EXERCISE OBJECTIVE
Each line of the data must reappear exactly in your answer, with no images included.

START INFORMATION

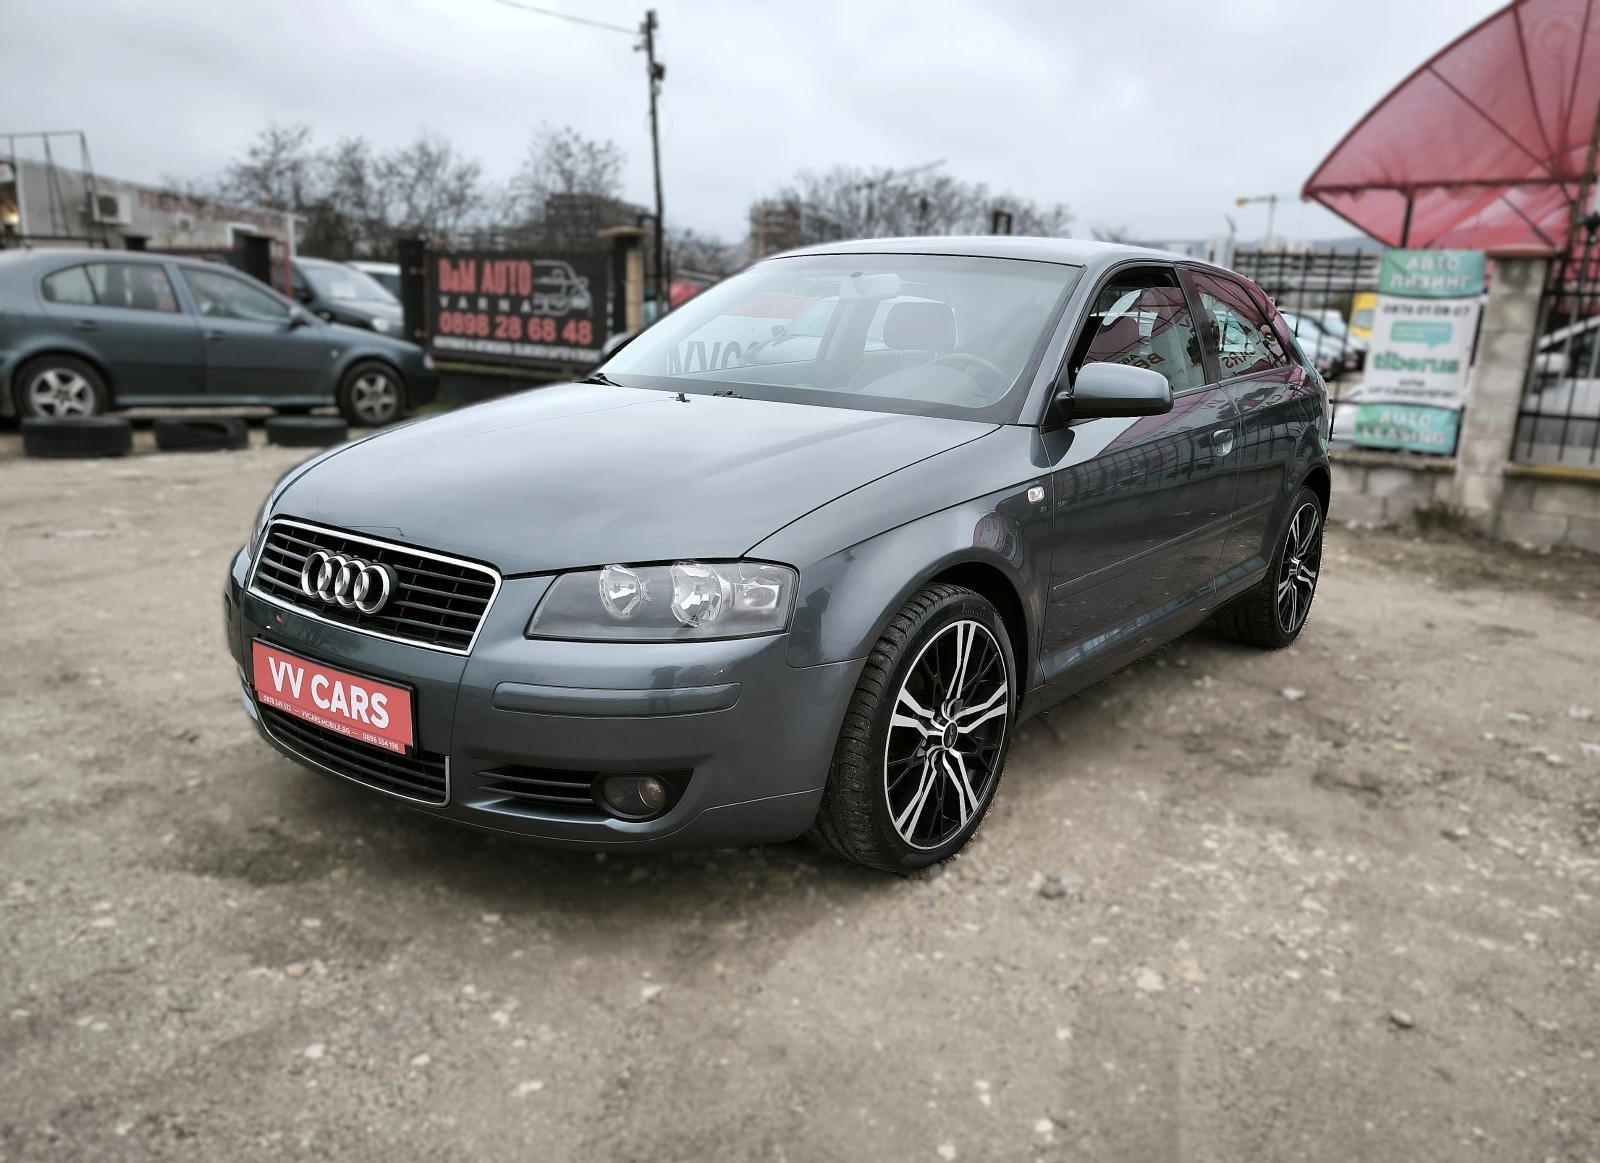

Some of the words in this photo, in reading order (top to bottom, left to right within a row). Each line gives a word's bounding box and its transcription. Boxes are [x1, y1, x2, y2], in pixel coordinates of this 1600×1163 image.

[1406, 255, 1460, 273] АВТО
[481, 259, 532, 297] AUTO
[1389, 273, 1474, 291] ЛИЗИНГ
[438, 295, 533, 314] VARNA
[438, 310, 490, 338] 0898
[494, 315, 523, 341] 28
[527, 317, 557, 343] 68
[562, 319, 594, 346] 48
[1373, 350, 1460, 375] tiberus
[1378, 410, 1433, 428] AUTO
[1361, 425, 1446, 445] LEASING
[268, 656, 304, 699] VV
[311, 674, 389, 729] CARS

END INFORMATION

RESPONSE TO THIS EXERCISE
Some of the words in this photo, in reading order (top to bottom, left to right within a row). Each line gives a word's bounding box and its transcription. Boxes are [x1, y1, x2, y2], in pixel coordinates of this 1600×1163 image.

[1406, 255, 1460, 273] АВТО
[481, 259, 532, 297] AUTO
[1389, 273, 1474, 291] ЛИЗИНГ
[438, 295, 533, 314] VARNA
[438, 310, 490, 338] 0898
[494, 315, 523, 341] 28
[527, 317, 557, 343] 68
[562, 319, 594, 346] 48
[1373, 350, 1460, 375] tiberus
[1378, 410, 1433, 428] AUTO
[1361, 425, 1446, 445] LEASING
[268, 656, 304, 699] VV
[311, 674, 389, 729] CARS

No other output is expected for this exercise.